Thursday, January 29, 2015

She Asked For It....

June 24, 2014 4:58 pm
"Such radiance hath fashioned itself upon thine face,"
dreamt when waking to a sunrise nice, but paled. And paced.
You, the true silksoft bud grew and bloomed,
As my fingers and words pored, pulled, prodded truths assumed.
"Explore, young petals, explore wider--wider yet, good girl!"
With legs and grins spread darkly wide, exploring toes and tongues curled.
Makeup smeared, bruises endured, we chortled solemn and profound,
Young and tight and smart and naive and happy and naive and lost and found.
"Until when?!," I panic. Until your petalcaresses are out and down?
Until your mmm aroma wears into the sickly sweet scent of sex sweat now?
Until helloes are sighed, goodbyes are nodded, yeses and no's ignored?
Until our Brooklyn routine collects our settled dust, quickly tamed then and bored?
"To Virgins, to Make Much of Time," we'd read;
I did not want you to discover, horribly, (with caution, with care, with yield, with heed) the end.

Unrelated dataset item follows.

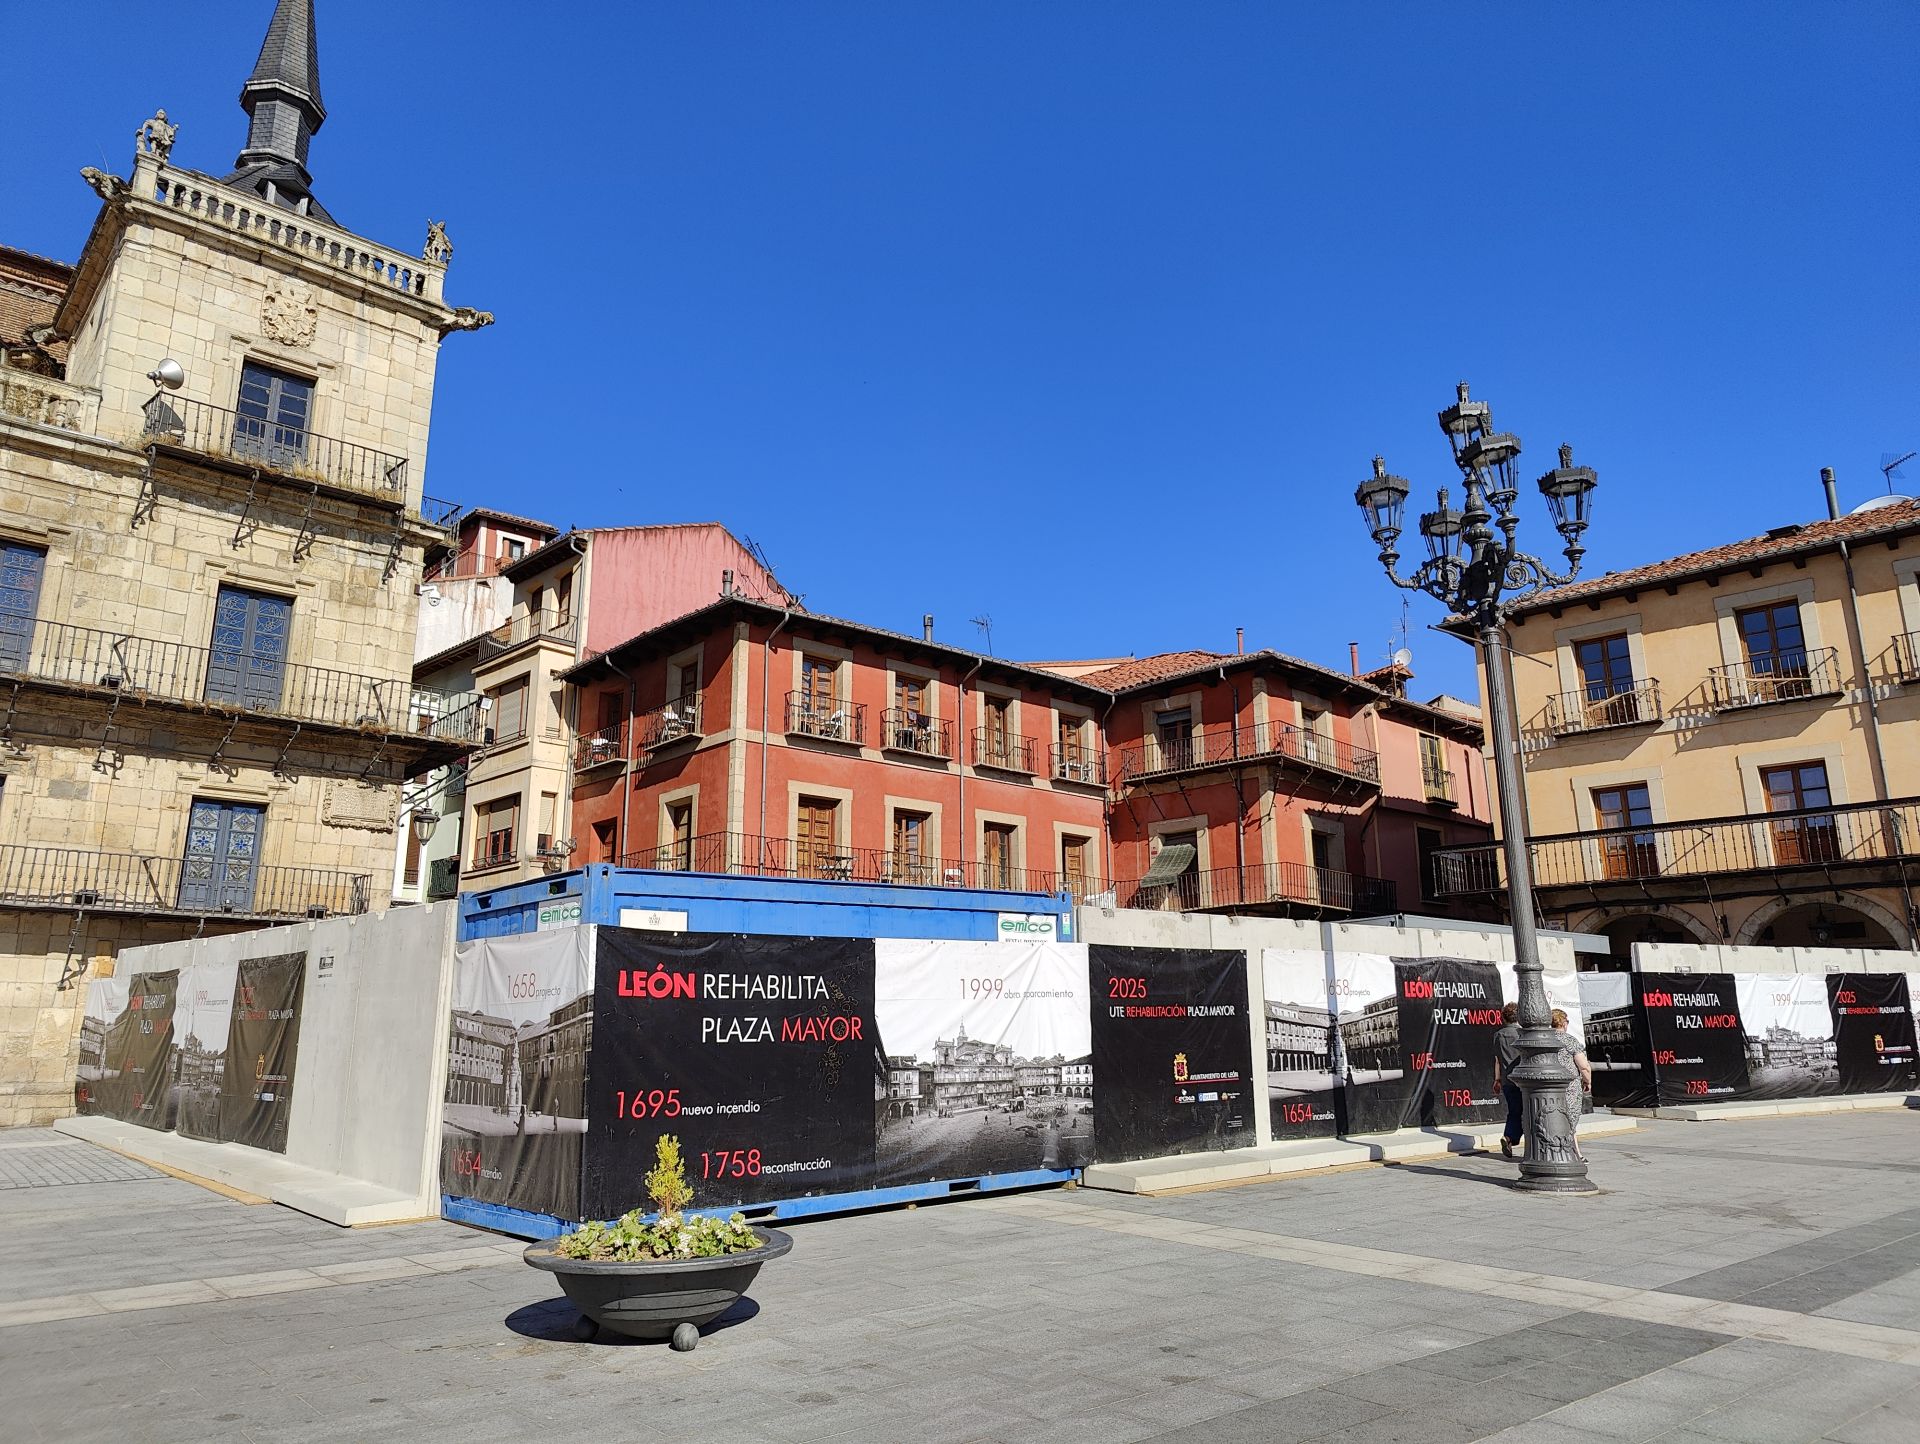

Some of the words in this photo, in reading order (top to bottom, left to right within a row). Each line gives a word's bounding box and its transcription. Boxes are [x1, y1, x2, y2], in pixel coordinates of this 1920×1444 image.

My flatmate is a pyschopath

Tonight I heard repeated thuds, as of a head tapped in a doorway. Dunk! Dunk! Dunk! These sounds caused my door to open, even, and increased in volume. DUNK! DUNK! DUNK-DUNK! Not a head, in fact. Instead, it was my flatmate trying to close the door in the dark of our hallway, frustrated, saying "I can't get this damn door to close! I don't know what it is!" I turned on the light and immediately saw two problems. One, their was a chain on the door, preventing him from pulling back. Two, the dead bolt was jutting out. And now it was bent, and had busted the door frame. When he, too, acknowledged the problem, he said, "Wait--I've got an idea! Hammer..." His hammer was a micropenis. I said "Let me get my pliers, or a wrench: something to torque the bolt back instead of knocking it," but not before he smacked the bolt precariously towards him, chipping the paint off the door in the process. I took the hammer from him. With a look of manic concentration in his eyes, and his socked-and-sandaled foot stabilizing his Hulk grip of the door, I pulled the bolt back with a wrench. Clicked in. Clicked out. Door Shut and Locked. He extended his hand for a "good job!" handshake. I didn't want to touch him. I dangled my hand over his for a moment then pulled back gracefully. I hate drugs.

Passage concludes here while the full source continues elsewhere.